It's a Matter of Time: Three Lessons on Long-Term Motion for Perception
This work provides foundational insights for designing models that leverage temporal data, potentially impacting various perceptual tasks in computer vision.
The paper investigates the role of long-term motion information in perception, finding that it outperforms image representations in understanding actions, objects, materials, and spatial information, generalizes better in low-data and zero-shot settings, and offers a more efficient trade-off between computational cost and accuracy.

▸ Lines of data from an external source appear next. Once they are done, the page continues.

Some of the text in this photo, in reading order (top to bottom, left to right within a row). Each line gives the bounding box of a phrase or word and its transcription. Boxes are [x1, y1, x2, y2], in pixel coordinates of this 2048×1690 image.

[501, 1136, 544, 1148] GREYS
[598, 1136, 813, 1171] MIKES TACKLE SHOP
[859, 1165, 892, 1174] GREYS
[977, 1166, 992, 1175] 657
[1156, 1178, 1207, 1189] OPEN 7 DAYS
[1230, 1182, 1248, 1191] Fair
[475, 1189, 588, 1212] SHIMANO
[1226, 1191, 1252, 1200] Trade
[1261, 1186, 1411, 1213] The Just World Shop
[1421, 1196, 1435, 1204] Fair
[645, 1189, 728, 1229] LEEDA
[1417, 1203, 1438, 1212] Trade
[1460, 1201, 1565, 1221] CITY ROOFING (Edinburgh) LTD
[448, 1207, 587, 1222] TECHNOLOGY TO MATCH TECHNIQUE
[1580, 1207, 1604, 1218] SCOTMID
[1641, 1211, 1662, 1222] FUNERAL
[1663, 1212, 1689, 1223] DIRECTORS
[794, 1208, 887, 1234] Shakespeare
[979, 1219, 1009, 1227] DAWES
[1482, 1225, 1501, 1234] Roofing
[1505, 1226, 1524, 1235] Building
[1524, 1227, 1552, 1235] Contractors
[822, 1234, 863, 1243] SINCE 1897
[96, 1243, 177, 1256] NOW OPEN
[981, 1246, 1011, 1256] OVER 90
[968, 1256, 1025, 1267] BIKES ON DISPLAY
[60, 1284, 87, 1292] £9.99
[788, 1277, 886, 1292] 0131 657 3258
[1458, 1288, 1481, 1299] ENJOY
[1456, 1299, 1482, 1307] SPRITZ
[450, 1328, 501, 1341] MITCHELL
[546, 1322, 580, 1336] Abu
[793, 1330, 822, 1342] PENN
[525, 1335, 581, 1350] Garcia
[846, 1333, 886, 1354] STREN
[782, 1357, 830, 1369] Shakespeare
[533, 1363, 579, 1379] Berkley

Temporal information has long been considered to be essential for perception. While there is extensive research on the role of image information for perceptual tasks, the role of the temporal dimension remains less well understood: What can we learn about the world from long-term motion information? What properties does long-term motion information have for visual learning? We leverage recent success in point-track estimation, which offers an excellent opportunity to learn temporal representations and experiment on a variety of perceptual tasks. We draw 3 clear lessons: 1) Long-term motion representations contain information to understand actions, but also objects, materials, and spatial information, often even better than images. 2) Long-term motion representations generalize far better than image representations in low-data settings and in zero-shot tasks. 3) The very low dimensionality of motion information makes motion representations a better trade-off between GFLOPs and accuracy than standard video representations, and used together they achieve higher performance than video representations alone. We hope these insights will pave the way for the design of future models that leverage the power of long-term motion information for perception.